Tuesday, 12 February 2008

Nostalgia

When I was first married we lived in Exeter, in a terrace on a hill overlooking the railway. We had a friend who was an avid trainspotter, so he liked to have coffee in the kitchen when he visited, and conversations would be interrupted by Chris leaping up and saying excitedly, "That's a 4030 Class II-type!" (trainspotters, I made that up; please don't email to tell me that it couldn't have been one of those in 1973 because they didn't run on that line after '70).

On my way home from Devon yesterday, the train stopped and sat for 5 minutes opposite our old kitchen window, while I indulged in nostalgia about long Sunday afternoons when we walked along the river and home past the Cathedral (I worked in the Close at that time). If you were lucky you might find a shop open to buy an ice-cream – Sundays, in those days existed in suspension from the rest of the week. You could buy an ice-cream or a Sunday paper, if you could find an open shop, but not a tin of cling peaches – and why, exactly, did they cling? And I'm afraid that we did eat such things. When I worked in a country pub we had something of a reputation for good, home-cooked lunches. We served a choice of two salads: lettuce, sliced tomato and cucumber, with your choice of roast ham or roast chicken. Alternatively, you could leave out the meat, replacing it with a hunk of french bread, a wodge of Cheddar and a pickled onion, in which case we called it a ploughman's. I can still pick a chicken carcase clean in record time, and we ate a lot of chicken soup. Somehow, I think we would have to make a lot more effort now, but I still cook a ham the same way, boiling it first then roasting it with a glaze: marmalade is my favourite, but OH does it by boiling first in ginger beer, then using crystallised ginger for the glaze, which is pretty good.

It was good to get back to my own dogs (my mother's Gordon Setter is very boisterous) and at 6 o'clock this morning I was presented with a cup of tea and The Bolter, who curled up beside me and kicked happily.

Below, for the sheer joy of it, and because I mentioned them in my last post, is a litter of Tamworth piglets.

9 comments:

mountainear said...

I remember working in a country pub too - which, from the sound of it served the same sort of (sensible) food.
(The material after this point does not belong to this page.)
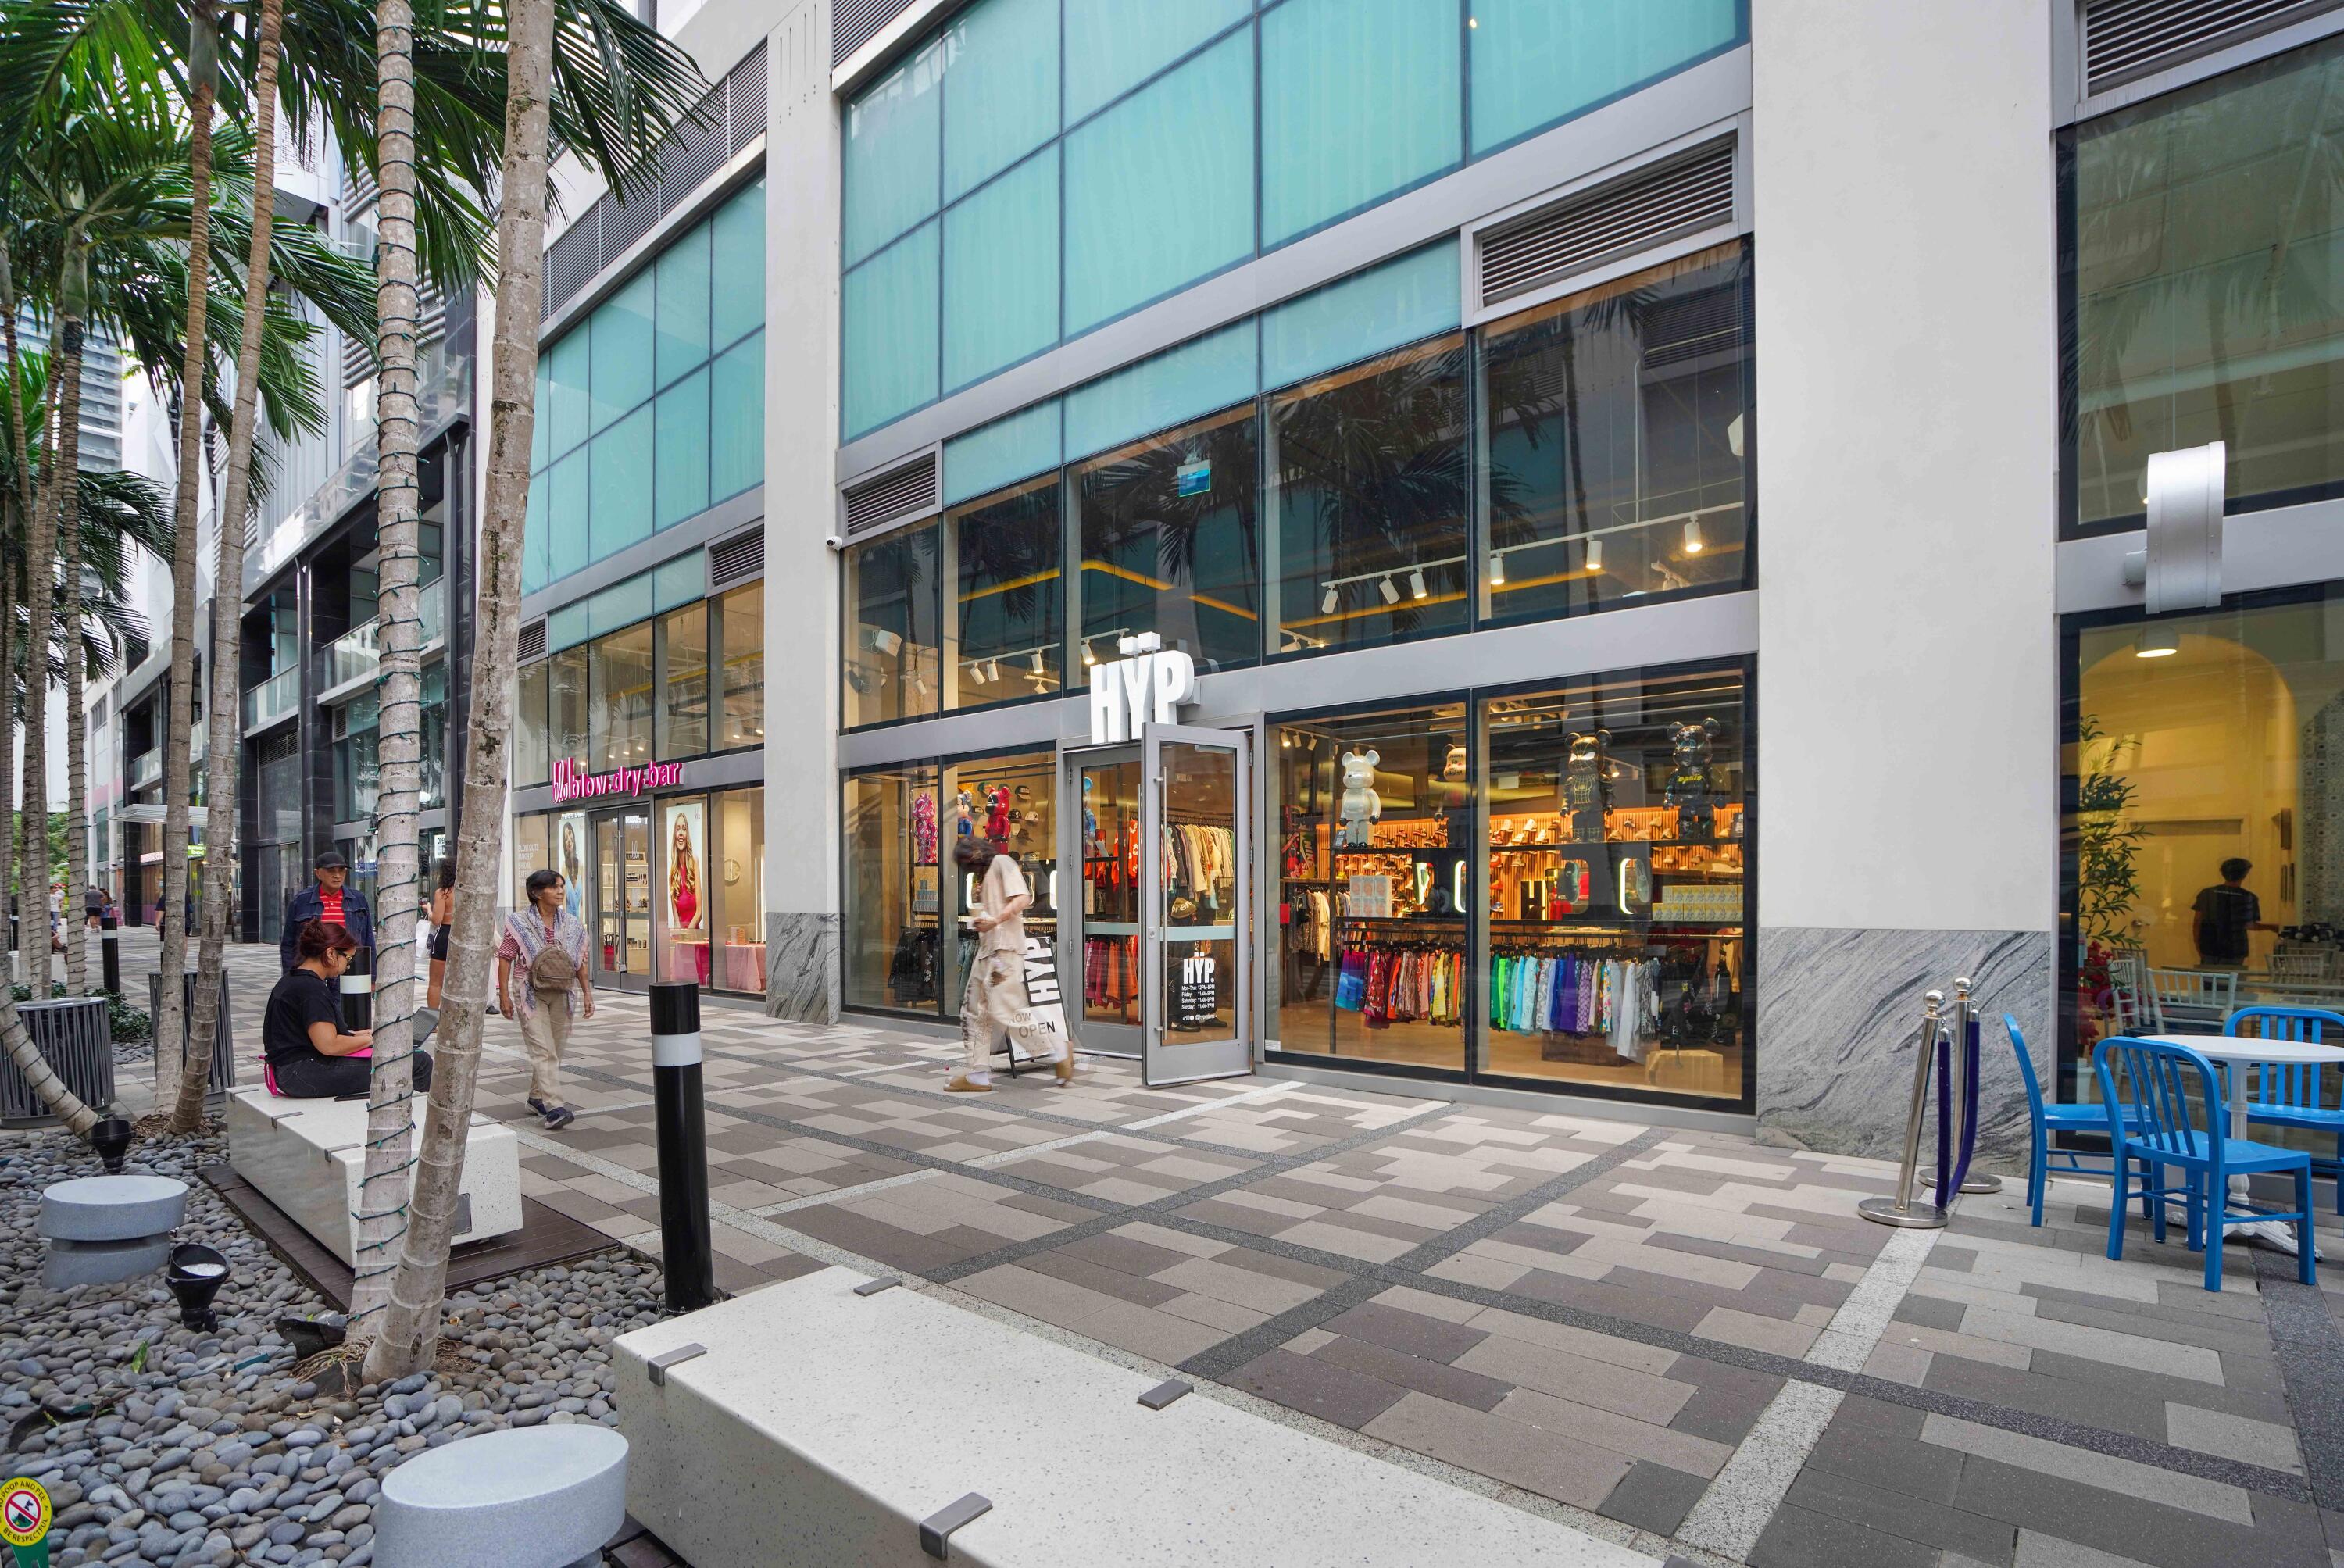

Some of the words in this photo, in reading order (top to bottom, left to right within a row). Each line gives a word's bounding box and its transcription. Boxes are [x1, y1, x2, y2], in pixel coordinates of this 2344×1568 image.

A favourite dessert was a can of warmed black cherries, a glug of kirsch and a scoop of vanilla ice cream The height of siphistication in 70's Oxfordshire.

Re cling peaches: the stone 'clings' to the flesh of the peach - as opposed to 'freestone' where it comes away easily.

mutterings and meanderings said...

Proper food!

I always thought cling was to do with the way the syrup clung on - but I bow to Mountainear's superior knowledge

Nan - said...

'The sheer joy of it' is so right. Thanks so much for the picture. They are so cute. I could happily be an Emsworth and stroll down to the pen with a stick to scratch the pig's back. :<) I don't think we will ever have a pig but I sure enjoy looking at them.

GeraniumCat said...

Thanks M'ear, I knew there was a proper explanation!

M&M, it does cling, though, doesn't it?

Nan, I'd like a pig too, but nowadays I couldn't be sensible and not make a pet of it. We'll have to make do with an extra 5 minutes scratching behind the dogs' ears - I'm sure they'll oblige and make happy pig noises.

Table Talk said...

Oh Lord! I do hope your friend Chris isn't my ex-partner Chris who once almost stopped a performance of the first Harry Potter film by declaring that the Hogwarts Express was a Great Western Hall which really didn't add to the magic. Where does your Chris now live?

GeraniumCat said...

"My" Chris was an Australian reading geography, I think, but should have been majoring in beer and brewing. Hope that doesn't sound familiar.

Table Talk said...

No, that sounds OK. My ex wouldn't have known what geography was, although he could have majored in steam trains and Bruckner. You would have thought that ill assorted combination would have flagged up warning signals in the first place, wouldn't you?

TheElementary said...

Oh, that picture is delightful. I like your blog; I wanted to say something somewhere so thought I would start with this one since the piglet picture is wonderful! Also, your talk of the ploughman's lunch made me hungry...
I'll be browsing around the blog regularly now!

GeraniumCat said...

Welcome! thinking about it made me hungry too, but I managed not to eat all of my picnic within the first 50 miles of the journey that day!